Fixing a station's height only, or x,y only
Olly Betts
olly at survex.com
Tue Aug 17 05:58:24 BST 2021
On Sun, Aug 15, 2021 at 07:01:22PM +0100, Tarquin Wilton-Jones wrote:
> On 15/08/2021 18:32, Martin Green wrote:
> > Do you have two legs between the benchmark and the circle? Thus making
> > it hard to determine the vertical offset?
>
> In my real case, I have 3. Because trigpoints are made from reinforced
> concrete, and the iron causes a Disto (or compass) to give wildly
> erroneous readings, so I needed to get quite some distance away, and
> didn't have a useful place to put a tripod where I could see everything.
> Had to do it in 3 hops.
>
> (For anyone planning to do this in future, a plumb is a whole lot
> easier, as long as the top of the trigpoint is level.)
>
> Like I said, that's OK in this specific case, I could add the vertical
> components together, get the top height, and then fix just the top. And
> then leave a comment saying why the top has the "wrong" height (not the
> one you see in OS records), and why the benchmark doesn't have one at all.
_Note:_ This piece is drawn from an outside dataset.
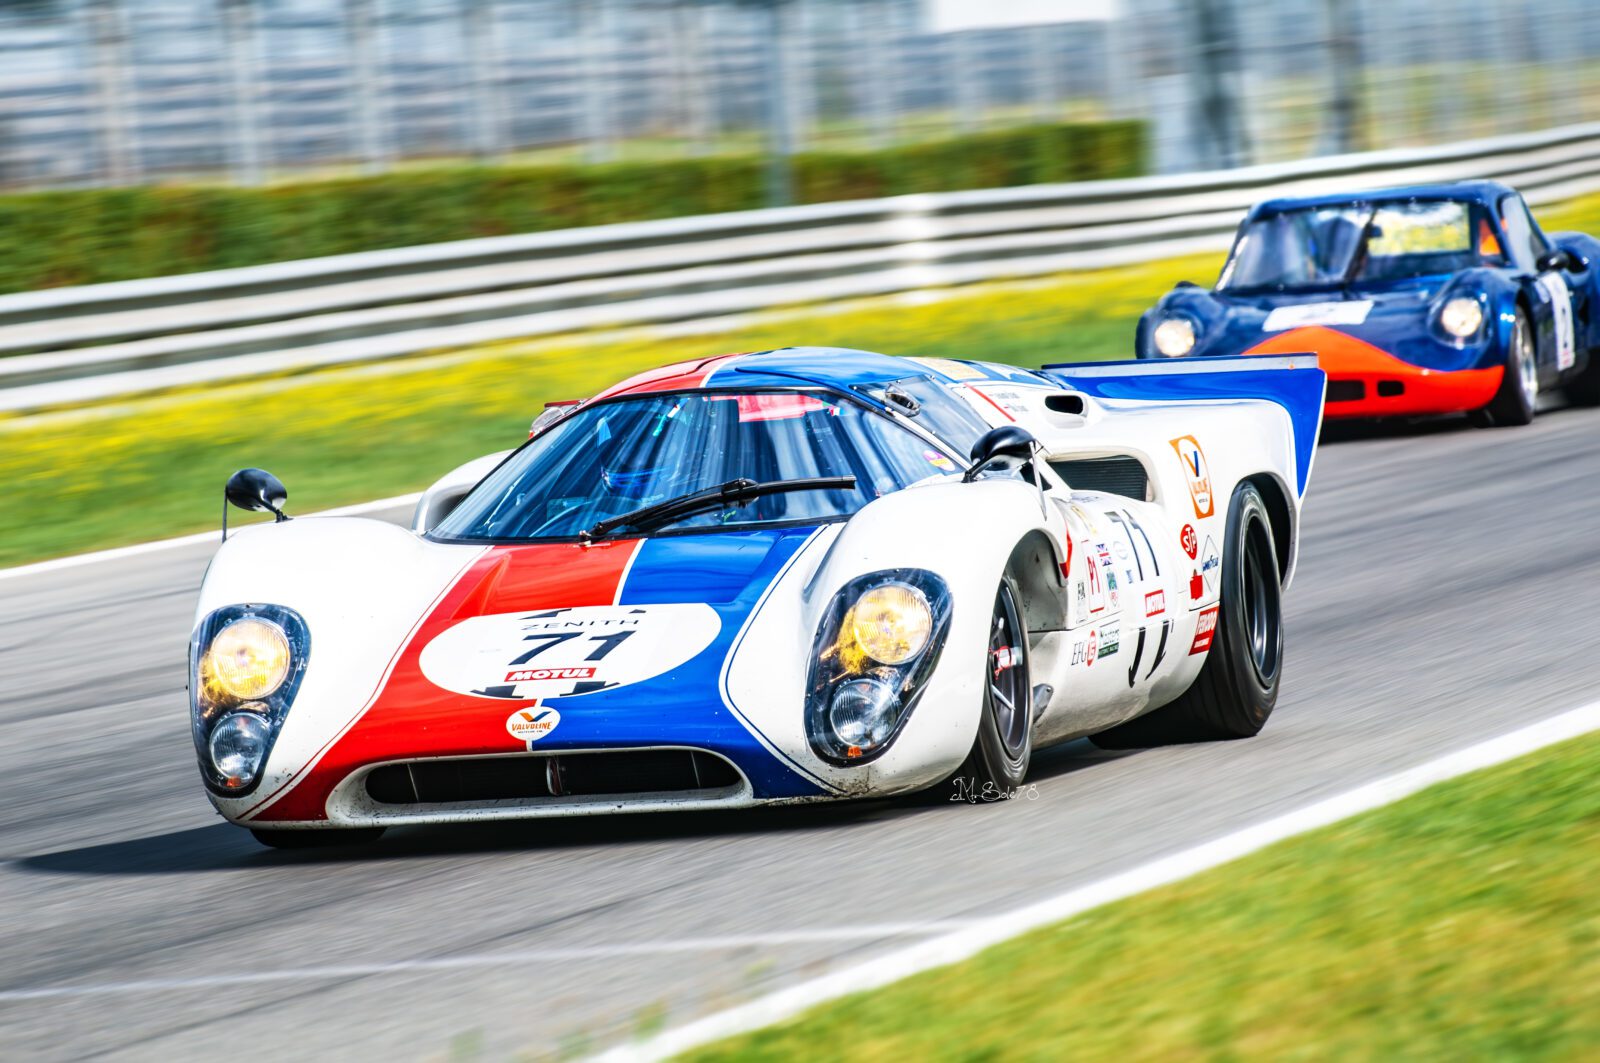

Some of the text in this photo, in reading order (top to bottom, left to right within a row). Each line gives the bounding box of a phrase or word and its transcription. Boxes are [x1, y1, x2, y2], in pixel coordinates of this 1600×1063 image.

This is the solution I'd recommend. It can be a bit fiddly, but has the
huge advantage of actually working.
> > You could try x, y, z fixes with rough estimates for the unknown axes.
> > Then specify zero standard error for the known axes and a large standard
> > error for the unknown axes.
>
> Yes, I thought of this as a possibility. It made me feel like I needed
> to take a shower ;)
>
> It works, but it has subtle effects when other fixes are involved
> elsewhere in the survey. It's certainly not something that is intuitive
> for anyone else maintaining the data.
I'd avoid relying on large standard deviations being effectively
ignored. There's likely to be a small residual effect, and if
there's no other connection then the dummy value will quietly
get used.
> > This is not something I have done, and it is a shame that you need very
> > roughly estimate the parts of the fix you would rather leave blank.
>
> Exactly that :)
>
> You know how clino readings can be left blank with a - character. That
> would be lovely for the *fix command.
What that actually does is to set the reading to 0 and the standard
deviation to a value proportional to the tape reading (as the manual
documents), so it's really the second approach (but for a clino reading
it's less bad as the vertical change for a leg is bounded by the tape
measurement +/- tape error).
> Would that actually be possible to add?
It should be possible to allow height-only or no-height fixes (or legs
which only connect horizontally or only connect vertically) with the
current loop closure code, but I think it would be a lot of work.